Owing to the complexity of cancer pathogenesis, several different theories have been postulated in past few years to relate these mediators with cancer initiation and progression. However, the certainty regarding the extent of involvement of these suggested disease mechanisms may incite another discussion that does not come under the scope of this article. For instance, a relatively higher prevalence of malignancies such as the breast, colon, pancreas, and prostate in obese population is already established. Nonetheless, all obese people do not suffer from these cancers in their entire lifespan despite of the fact that their cells are exposed to a microenvironment rich in obesity mediators. We hereby describe the suggested involvement of these mediators with malignancies in a concise manner.

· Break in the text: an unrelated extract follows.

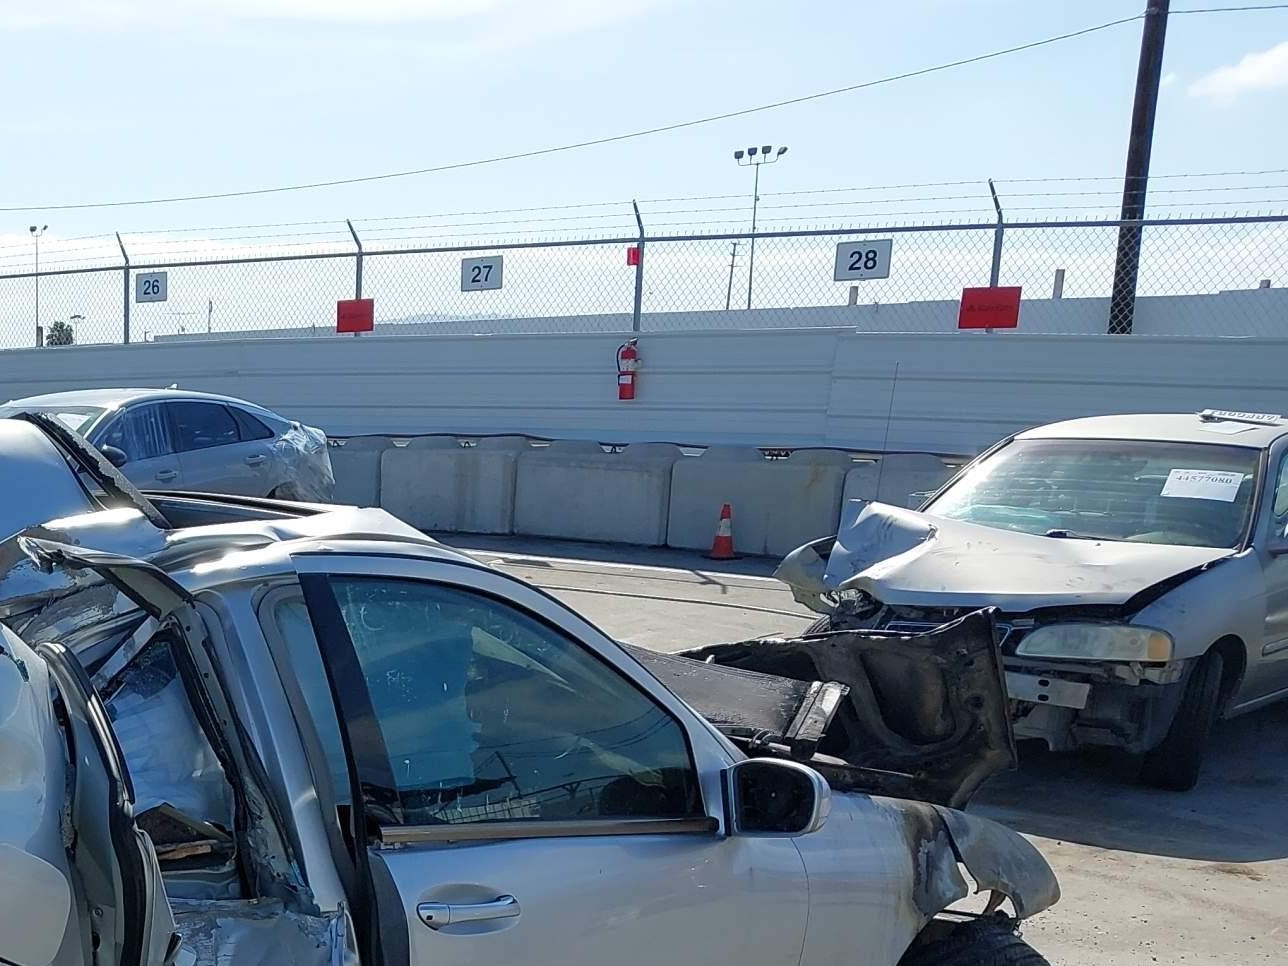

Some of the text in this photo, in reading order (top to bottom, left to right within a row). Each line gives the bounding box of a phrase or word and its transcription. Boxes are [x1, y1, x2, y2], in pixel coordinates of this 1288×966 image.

[848, 249, 878, 271] 28
[471, 265, 493, 283] 27
[143, 279, 160, 295] 26

Leptin is a peptide adipokine that plays a significant physiological role in controlling the total mass of adipose tissue to maintain homeostasis. Its physiological significance can be judged by the fact that the genetic silencing of leptin or its receptor have resulted into serious pathological defects such as metabolic derangements, infertility, immune deficiencies and diabetes in knockout mice [32]. Moreover, it affects several cell populations under physiological conditions, including the immune cells, neurons, pancreatic β cells, adipocytes and endothelial cells that suggests a broader physiological role of leptin compared with other adipokines. Once released from the adipocytes, leptin elicits its hunger-suppressing effects by inhibiting neuropeptide Y and anandamine via activating its receptors in the lateral hypothalamus. Under the normal physiological conditions, it regulates proliferation [33], invasion [34] and the absorptive properties [35] of colon cells. Owing to its higher serum concentration in obesity, leptin is one of the most studied adipokines in the progression and metastasis of breast cancer. Higher leptin levels are frequently reported in breast, colon and pancreatic cancers [36,37]. Leptin levels are also correlated with different breast cancer types. For instance, its levels were found higher in patients with ductal carcinoma in situ as compared to the invasive breast cancer patients where adiponectin was significantly higher than leptin [38]. Although a previous study claimed either no or even a negative correlation between the serum leptin levels and pre-menopausal breast cancer incidence [39,40], the interrelationship between leptin serum levels and breast cancer risk in post-menopausal women is well-established. In addition to the adipose, leptin is also synthesized and released in significantly higher concentrations from glioblastoma cells that majorly accounts for the morbidities associated with glioblastoma [41]. It elicits its biological function through the leptin receptor B (ObRB) via activating PI3K, JAK2/STAT3 and ERK1/2 signaling. The recent evidence not only supports the possible role of leptin in the initiation of cancer, but it has also been confirmed to promote the invasion and metastasis of cancer cells by activating EMT, inhibiting immune checkpoints and bolstering angiogenesis.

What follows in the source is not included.